William Blake said, “If the fool would persist in his folly, he would become wise.” I like to think about that, relatively comfortable as I am, with no apparent chance to influence the mighty and the cruel of our world, as I spend another morning imagining my novel’s characters and their plot.

Whew! That’s probably more than enough philosophy. Here’s the week’s prompt:

As before, I will post today the first half of a paragraph from a famous novel. You and I will both write the second half of that paragraph (without looking at the original).

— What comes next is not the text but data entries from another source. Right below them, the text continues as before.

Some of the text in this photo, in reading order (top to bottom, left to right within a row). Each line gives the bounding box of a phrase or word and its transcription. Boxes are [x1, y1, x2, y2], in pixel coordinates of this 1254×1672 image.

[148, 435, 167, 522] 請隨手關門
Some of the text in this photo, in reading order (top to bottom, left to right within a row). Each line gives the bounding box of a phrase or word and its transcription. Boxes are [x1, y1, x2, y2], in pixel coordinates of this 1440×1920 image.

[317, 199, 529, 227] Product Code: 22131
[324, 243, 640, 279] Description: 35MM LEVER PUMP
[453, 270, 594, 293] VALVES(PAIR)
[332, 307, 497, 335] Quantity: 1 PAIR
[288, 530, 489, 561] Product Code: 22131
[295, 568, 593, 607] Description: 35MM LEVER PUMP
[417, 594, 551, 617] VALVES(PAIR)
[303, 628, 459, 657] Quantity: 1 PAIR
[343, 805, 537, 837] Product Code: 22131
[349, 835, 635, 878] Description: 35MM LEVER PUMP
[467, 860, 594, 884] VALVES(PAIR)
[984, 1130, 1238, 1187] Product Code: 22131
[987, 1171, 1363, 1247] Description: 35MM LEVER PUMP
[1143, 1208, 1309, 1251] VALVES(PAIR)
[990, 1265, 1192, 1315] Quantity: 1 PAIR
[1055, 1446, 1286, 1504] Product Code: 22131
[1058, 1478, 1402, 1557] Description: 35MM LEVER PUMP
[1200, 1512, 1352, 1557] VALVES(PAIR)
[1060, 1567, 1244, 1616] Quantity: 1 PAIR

In the comments to this post, I will post my attempt, and invite you to do the same.

(Last week, three writers offered up responses, which was amazing. Thank you.)

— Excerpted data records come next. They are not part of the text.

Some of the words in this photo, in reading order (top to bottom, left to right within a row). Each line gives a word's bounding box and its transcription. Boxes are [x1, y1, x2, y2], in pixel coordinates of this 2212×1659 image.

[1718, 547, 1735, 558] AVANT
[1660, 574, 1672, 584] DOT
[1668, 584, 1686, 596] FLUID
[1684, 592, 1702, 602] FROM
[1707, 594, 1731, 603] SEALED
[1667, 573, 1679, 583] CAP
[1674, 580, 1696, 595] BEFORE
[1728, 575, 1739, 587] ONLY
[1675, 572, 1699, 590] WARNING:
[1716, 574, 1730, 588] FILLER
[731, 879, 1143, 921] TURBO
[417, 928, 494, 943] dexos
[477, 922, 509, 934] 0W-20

Then, on Sunday or Monday, I’ll post the author’s original version, and we can judge how closely our paragraph matches up. If we went in a very different direction to the original, we can try to work out why. Perhaps we achieved something better than the classic…

(Click here for a more substantial explanation of the series.)

Berlin, Thomas Mann

Right now, I’m reading Thomas Mann’s The Magic Mountain, translated by John E. Woods. It’s a whimsical novel of ideas and sexuality, fun to read but quite slow-paced. The premise is this: in the early years of the twentieth century, the protagonist, Hans Castorp, arrives at a health sanatorium in the Alps to visit his cousin, intending to stay only a few weeks. He ends up staying much, much longer.

This paragraph comes very early in the book. Hans has an awkward first day, with several odd conversations with the residents and doctors. Then, in the next chapter, Thomas Mann jumps back in time, and introduces us to Castorp’s origin and childhood, getting us more familiar with our protagonist through a long section of exposition. That childhood was not too happy, as you’ll see from the example passage.

Here’s the original start of the paragraph:

Hans Castrop retained only faint recollections of his actual parental home; he had hardly known his father and mother. They had both dropped dead within the brief period between his fifth and seventh years of life. His mother had died first, quite unexpectedly, while awaiting the birth of a second child, of an arterial blockage caused by phlebitis, an embolism, Dr. Heidekind had called it, triggering instantaneous cardiac paralysis—she had been sitting up in bed, laughing, and it looked as if she simply toppled over in a fit of laughter, whereas in fact she did it because she was dead. It was not something Hans Hermann Castorp, the father, found easy to understand, and since…

To do the writing exercise, write a few more sentences to complete this paragraph. My version will be posted in the comments. If you like, post your own version there, too.

At the end of the weekend, I’ll post Mann’s full paragraph, and we can compare.

Sound interesting?

Best wishes to you all,

Daniel

Photo credits:

Incheon International Airport (summer 2013) 06” by myself (User:Piotrus) – Self-photographed. Licensed under CC BY-SA 3.0 via Wikimedia Commons.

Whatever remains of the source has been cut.